[Opening Information section]

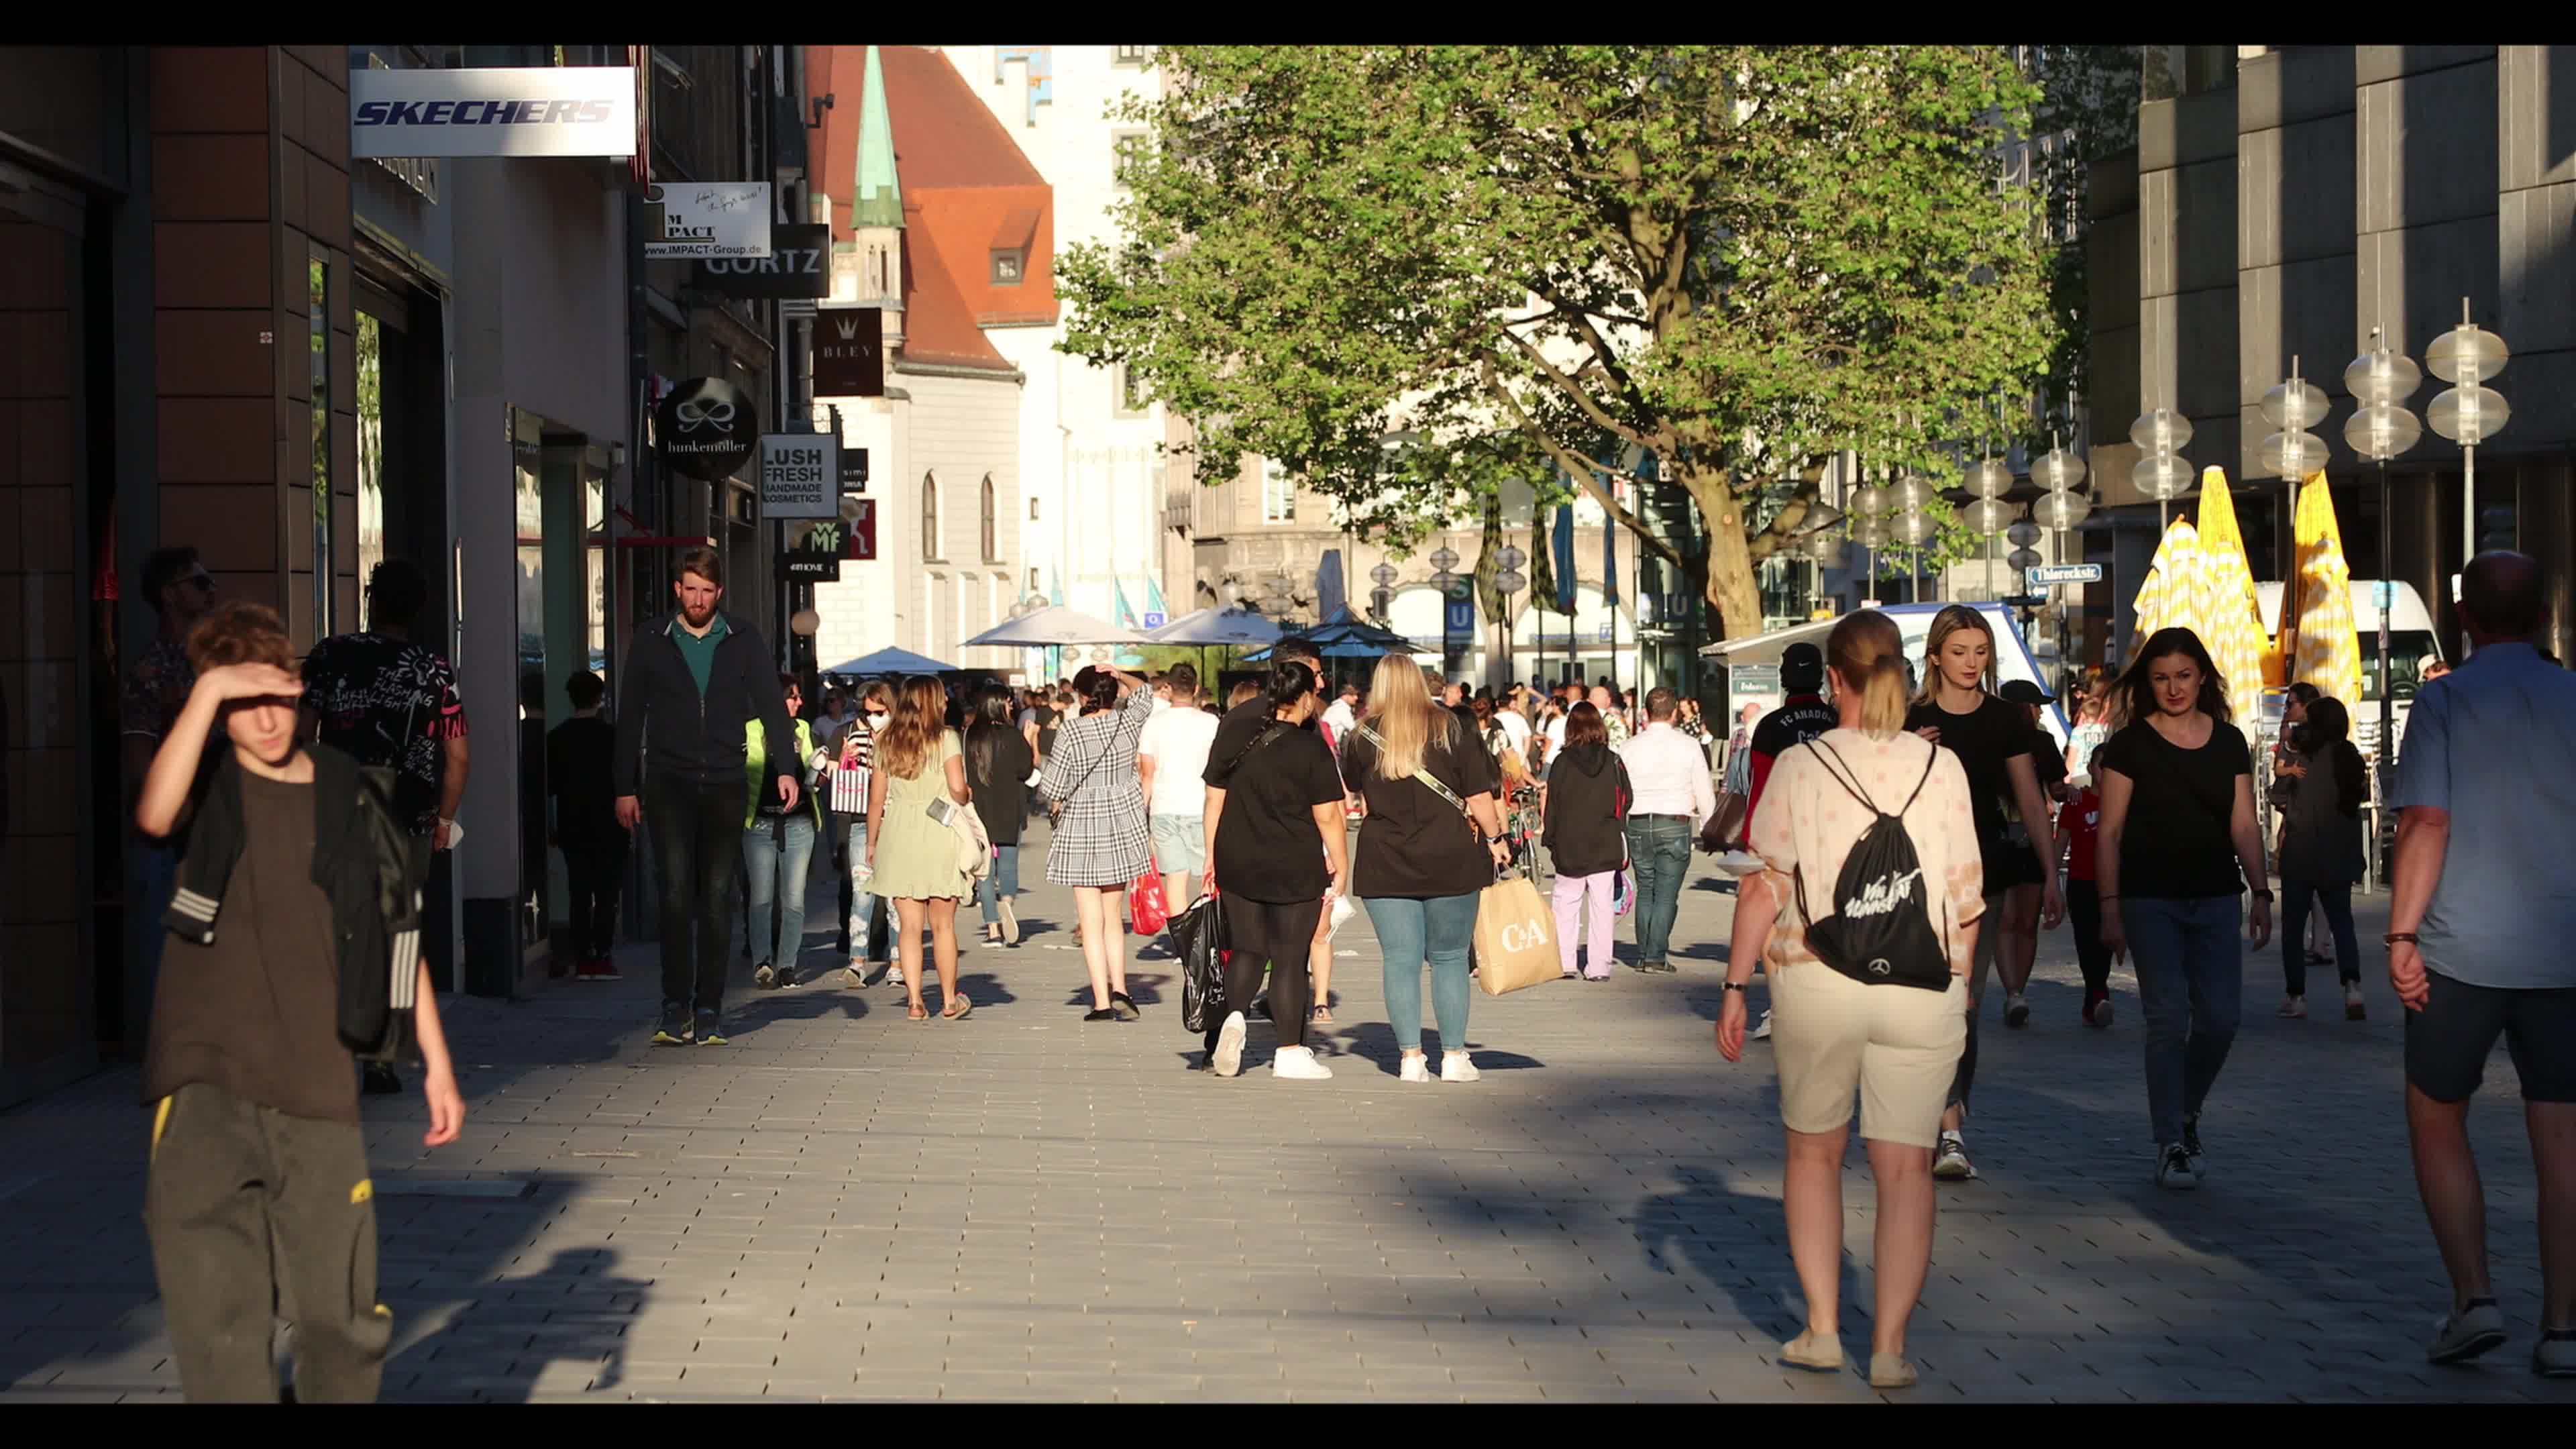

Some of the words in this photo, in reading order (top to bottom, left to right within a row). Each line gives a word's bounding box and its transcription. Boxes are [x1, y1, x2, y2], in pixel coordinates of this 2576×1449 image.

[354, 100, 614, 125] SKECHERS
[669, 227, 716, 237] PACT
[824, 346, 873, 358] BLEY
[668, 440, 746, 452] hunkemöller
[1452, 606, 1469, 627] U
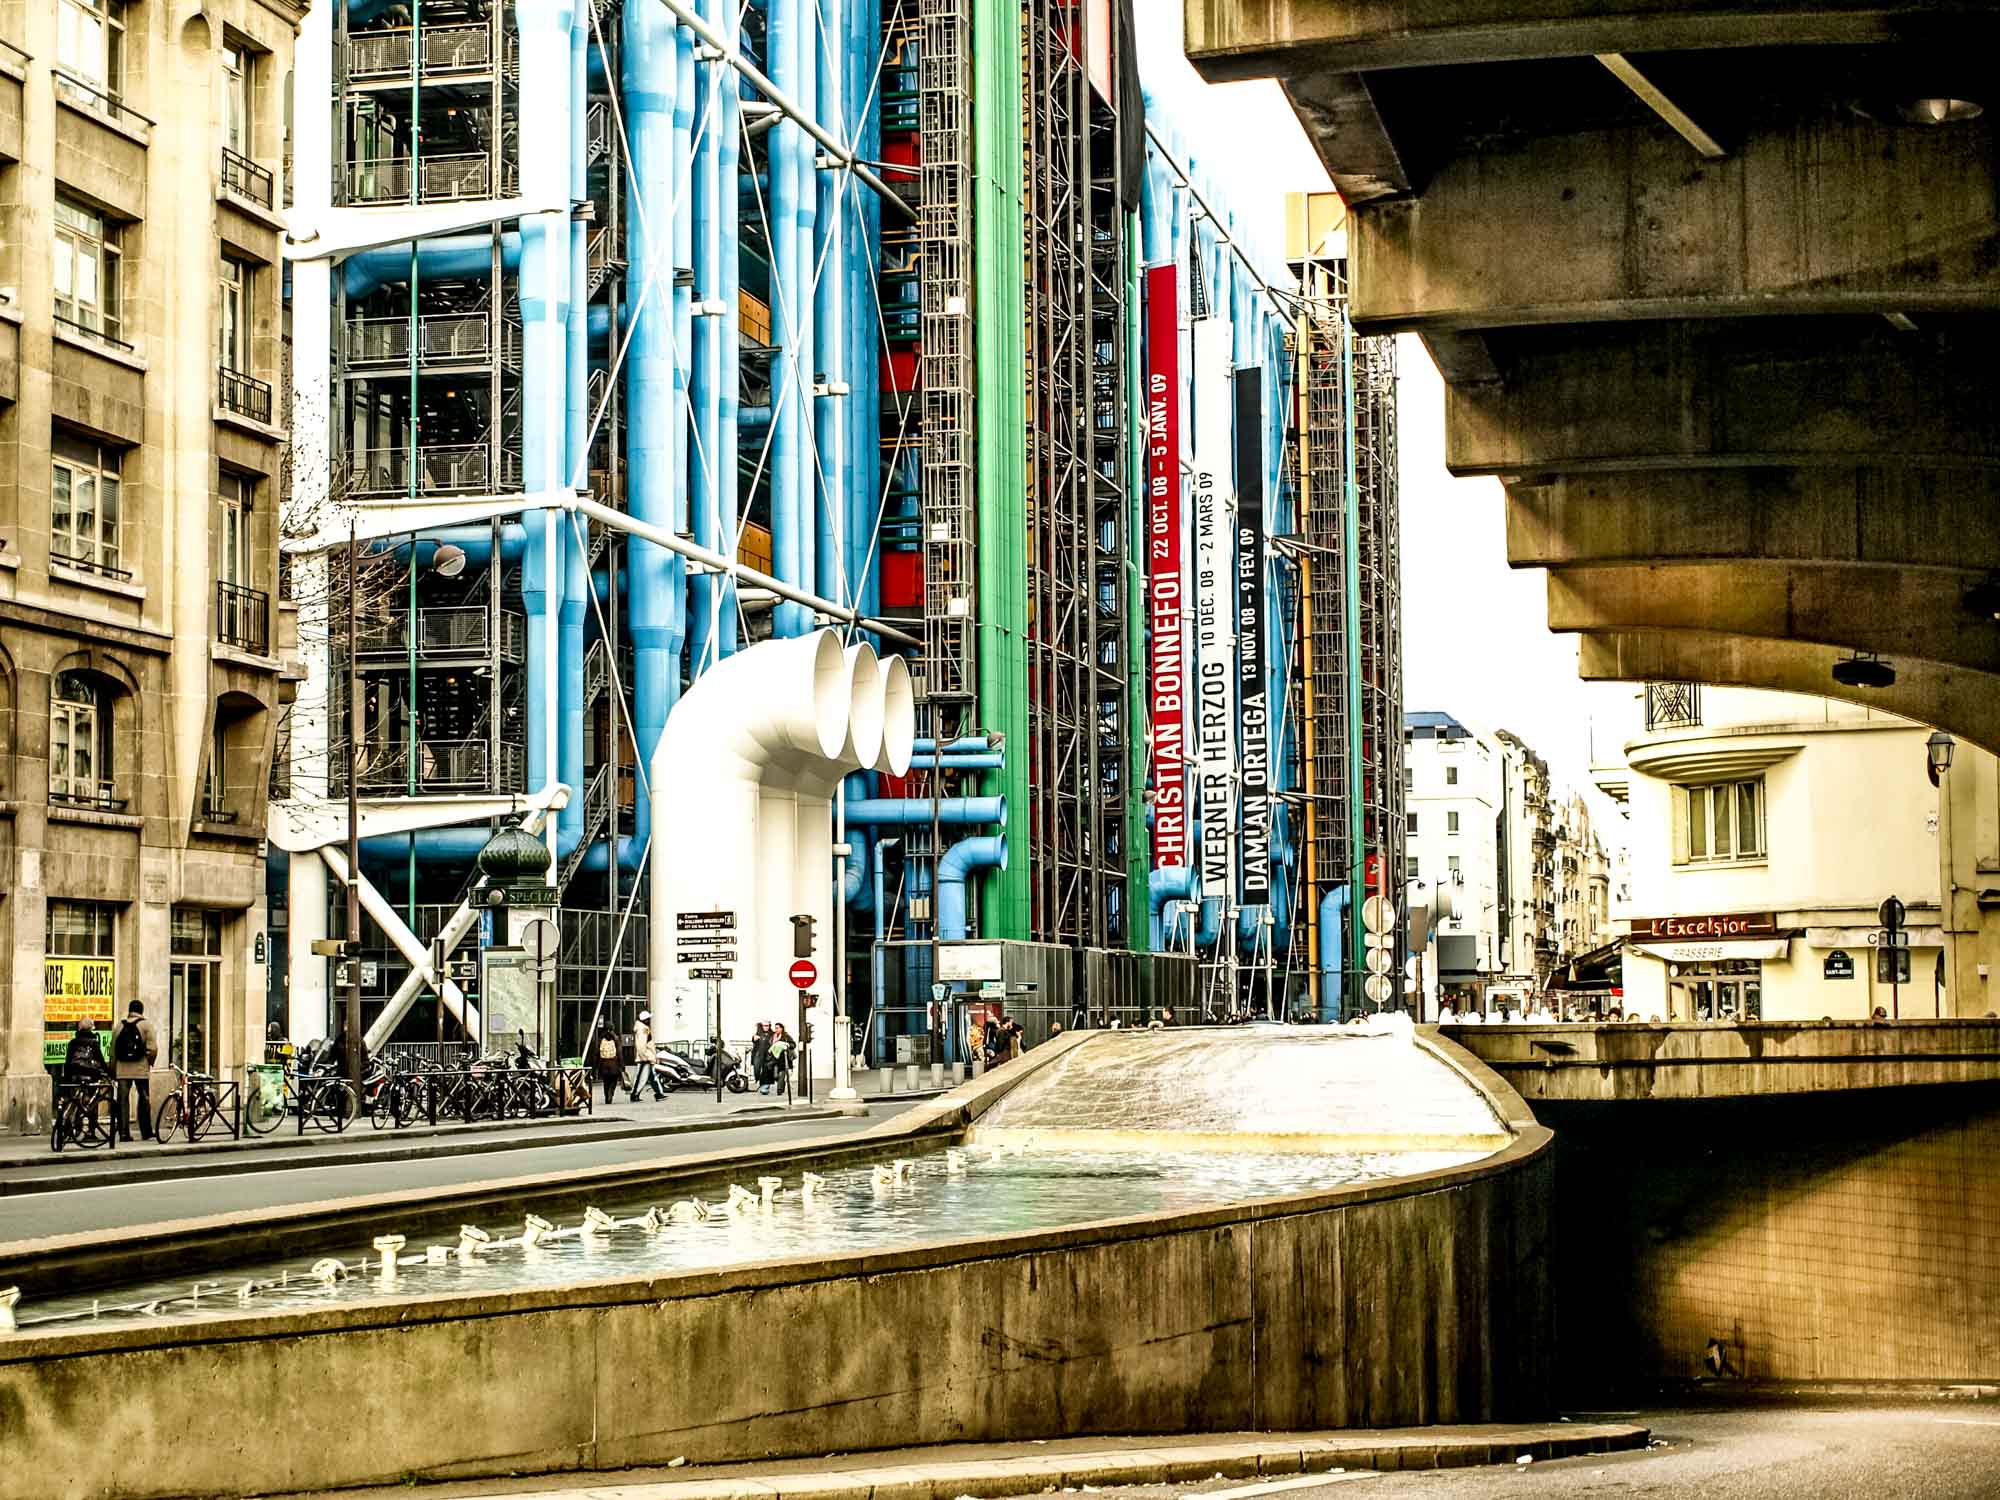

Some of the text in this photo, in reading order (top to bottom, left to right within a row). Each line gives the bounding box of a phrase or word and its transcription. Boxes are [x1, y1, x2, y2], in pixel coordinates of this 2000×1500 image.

[Closing Information section]

What the task requires: The listing above is to be written out again exactly, with its pictures omitted.

Result for this task:
Some of the words in this photo, in reading order (top to bottom, left to right within a row). Each line gives a word's bounding box and its transcription. Boxes are [x1, y1, x2, y2], in pixel coordinates of this 2576×1449 image.

[354, 100, 614, 125] SKECHERS
[669, 227, 716, 237] PACT
[824, 346, 873, 358] BLEY
[668, 440, 746, 452] hunkemöller
[1452, 606, 1469, 627] U

Some of the text in this photo, in reading order (top to bottom, left to right within a row). Each line gives the bounding box of a phrase or word and its transcription. Boxes are [x1, y1, x2, y2], in pixel coordinates of this 2000×1500 image.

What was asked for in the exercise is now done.